What the task requires. Below is a listing; write it out exactly and drop any images from it.

Provided records.
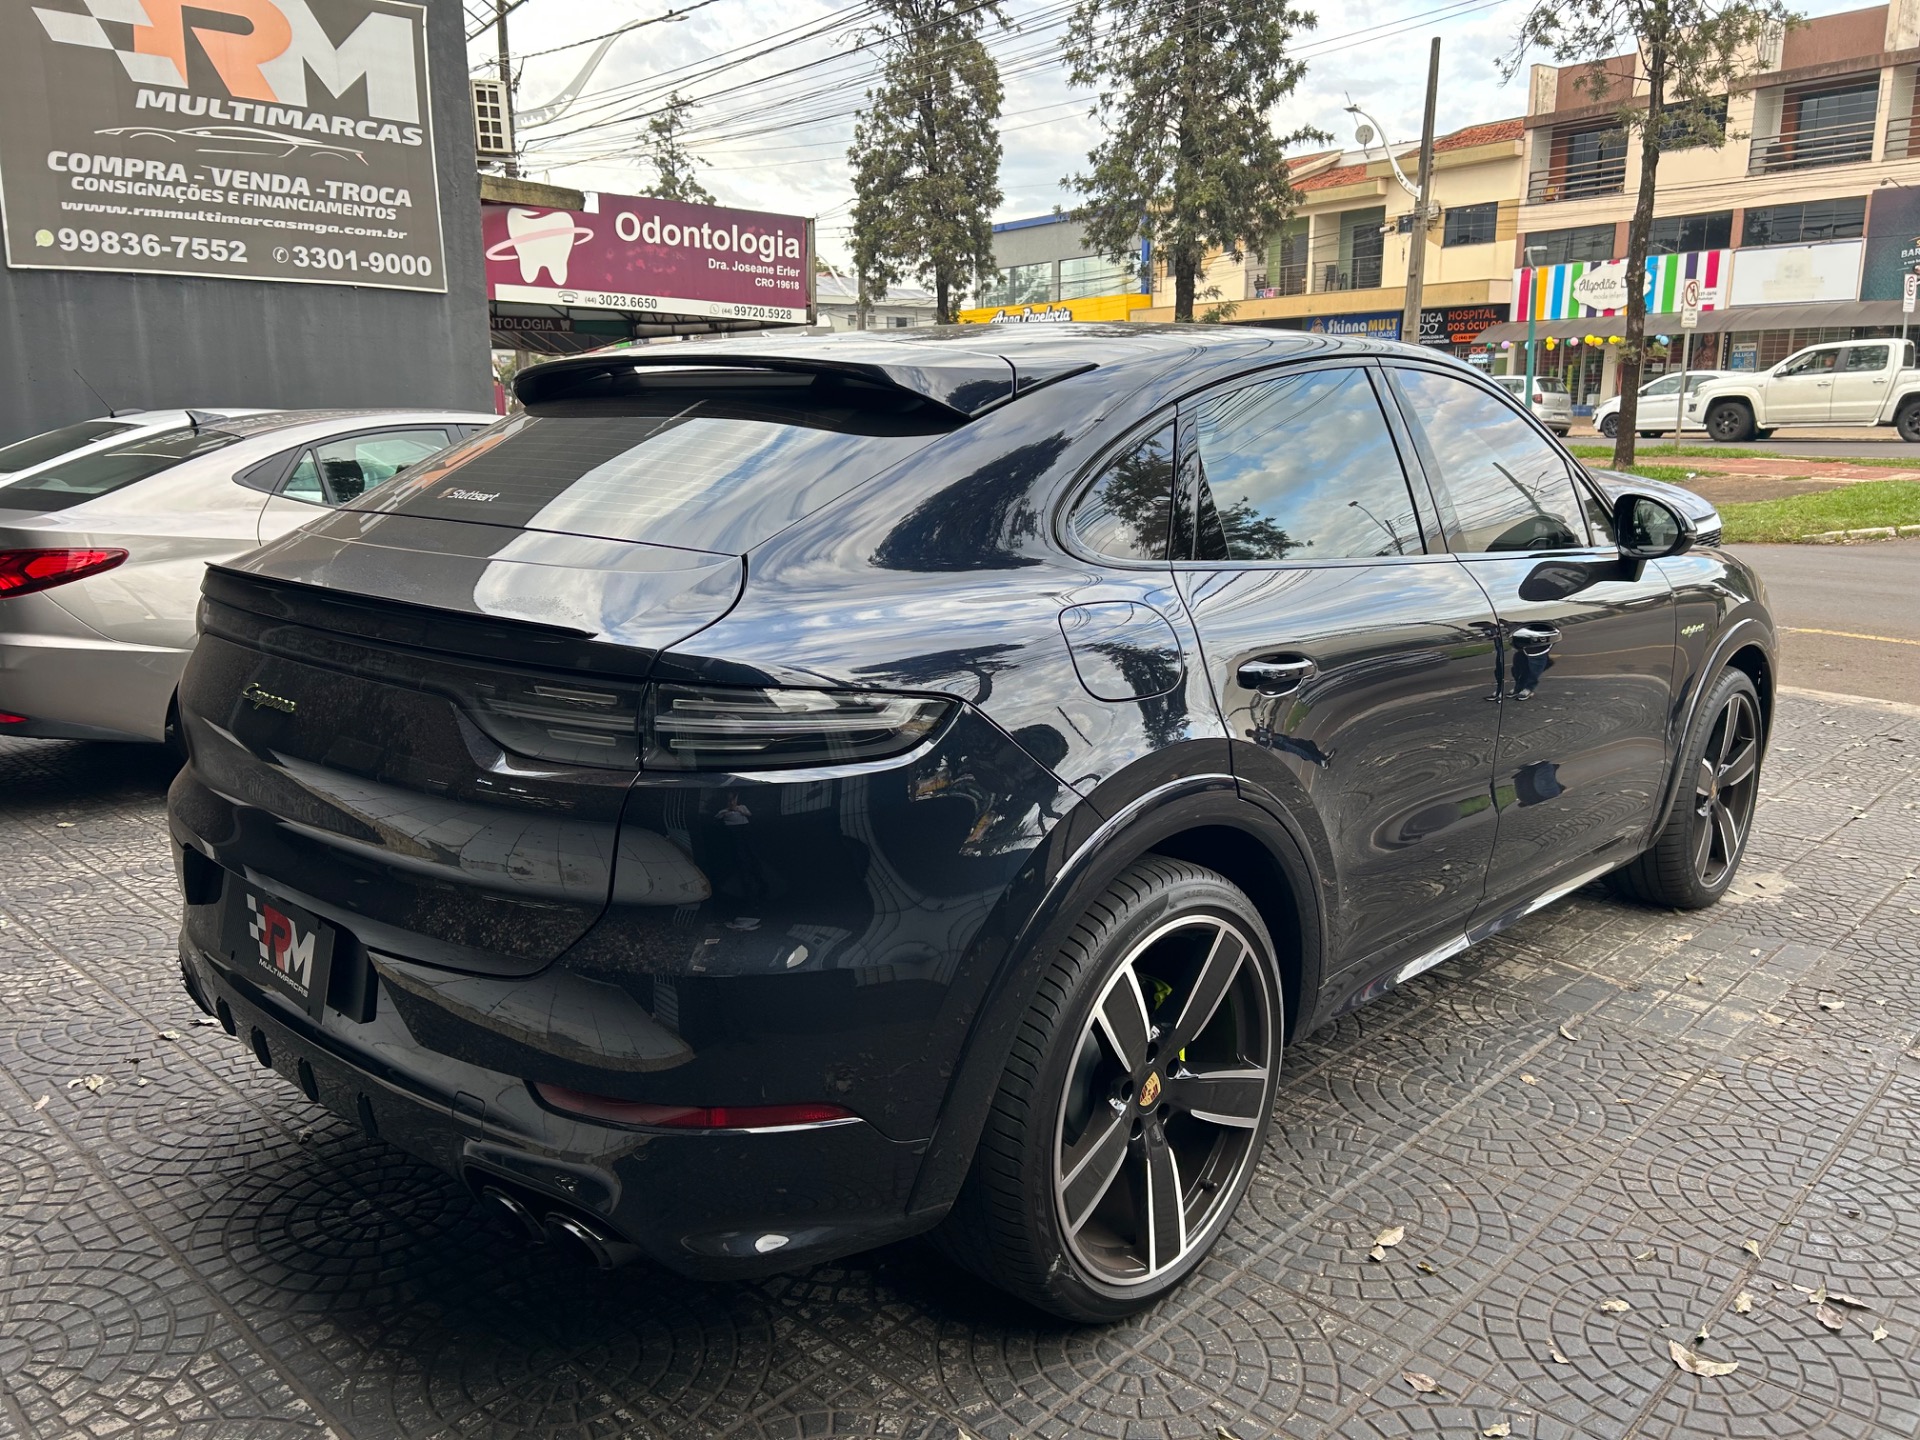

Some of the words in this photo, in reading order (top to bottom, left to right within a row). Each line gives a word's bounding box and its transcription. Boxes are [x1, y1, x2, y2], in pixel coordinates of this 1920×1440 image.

[135, 88, 424, 147] MULTIMARCAS
[47, 150, 188, 184] COMPRA
[210, 167, 311, 197] VENDA
[71, 176, 224, 204] CONSIGNAÇÕES
[227, 191, 239, 205] E
[242, 192, 397, 221] FINANCIAMENTOS
[60, 201, 408, 240] www.rmmultimarcasmga.com.br
[614, 211, 800, 263] Odontologia
[57, 227, 248, 264] 99836-7552
[292, 246, 433, 277] 3301-9000
[708, 257, 730, 271] Dra.
[732, 260, 775, 275] Joseane
[777, 265, 800, 277] Erler
[755, 277, 774, 288] CRO
[776, 279, 800, 290] 19618
[1579, 278, 1617, 293] Algodão
[584, 297, 597, 305] (44)
[598, 293, 658, 309] 3023.6650
[734, 305, 793, 320] 99720.5928
[1022, 305, 1071, 323] Papelaria
[1448, 309, 1496, 320] HOSPITAL
[1447, 322, 1466, 331] DOS
[258, 958, 309, 998] MULTIMARCAS
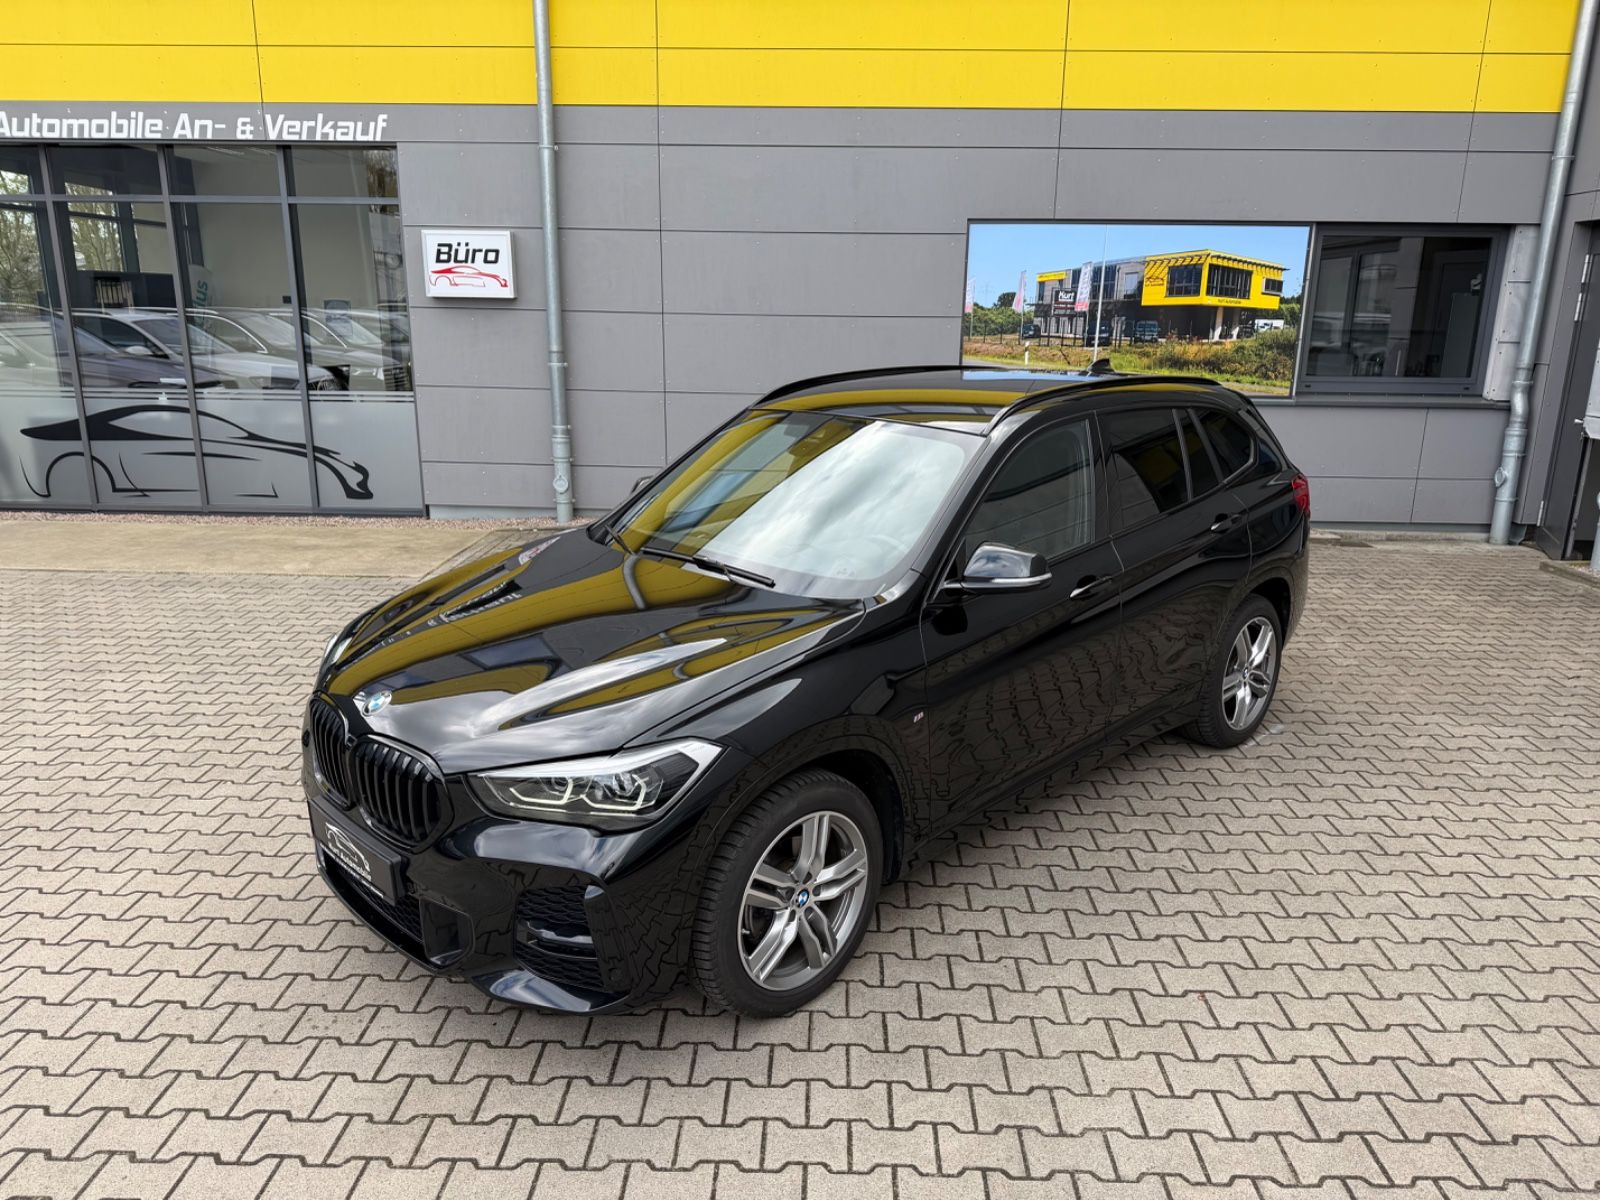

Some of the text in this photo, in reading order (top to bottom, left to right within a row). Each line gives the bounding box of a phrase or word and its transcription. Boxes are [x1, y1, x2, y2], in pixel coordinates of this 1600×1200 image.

Answer box.
Some of the words in this photo, in reading order (top to bottom, left to right within a row). Each line gives a word's bounding box and its transcription. Boxes are [x1, y1, x2, y2], in pixel coordinates of this 1920×1440 image.

[135, 88, 424, 147] MULTIMARCAS
[47, 150, 188, 184] COMPRA
[210, 167, 311, 197] VENDA
[71, 176, 224, 204] CONSIGNAÇÕES
[227, 191, 239, 205] E
[242, 192, 397, 221] FINANCIAMENTOS
[60, 201, 408, 240] www.rmmultimarcasmga.com.br
[614, 211, 800, 263] Odontologia
[57, 227, 248, 264] 99836-7552
[292, 246, 433, 277] 3301-9000
[708, 257, 730, 271] Dra.
[732, 260, 775, 275] Joseane
[777, 265, 800, 277] Erler
[755, 277, 774, 288] CRO
[776, 279, 800, 290] 19618
[1579, 278, 1617, 293] Algodão
[584, 297, 597, 305] (44)
[598, 293, 658, 309] 3023.6650
[734, 305, 793, 320] 99720.5928
[1022, 305, 1071, 323] Papelaria
[1448, 309, 1496, 320] HOSPITAL
[1447, 322, 1466, 331] DOS
[258, 958, 309, 998] MULTIMARCAS

Some of the text in this photo, in reading order (top to bottom, left to right within a row). Each line gives the bounding box of a phrase or word and its transcription. Boxes are [x1, y1, x2, y2], in pixel coordinates of this 1600×1200 image.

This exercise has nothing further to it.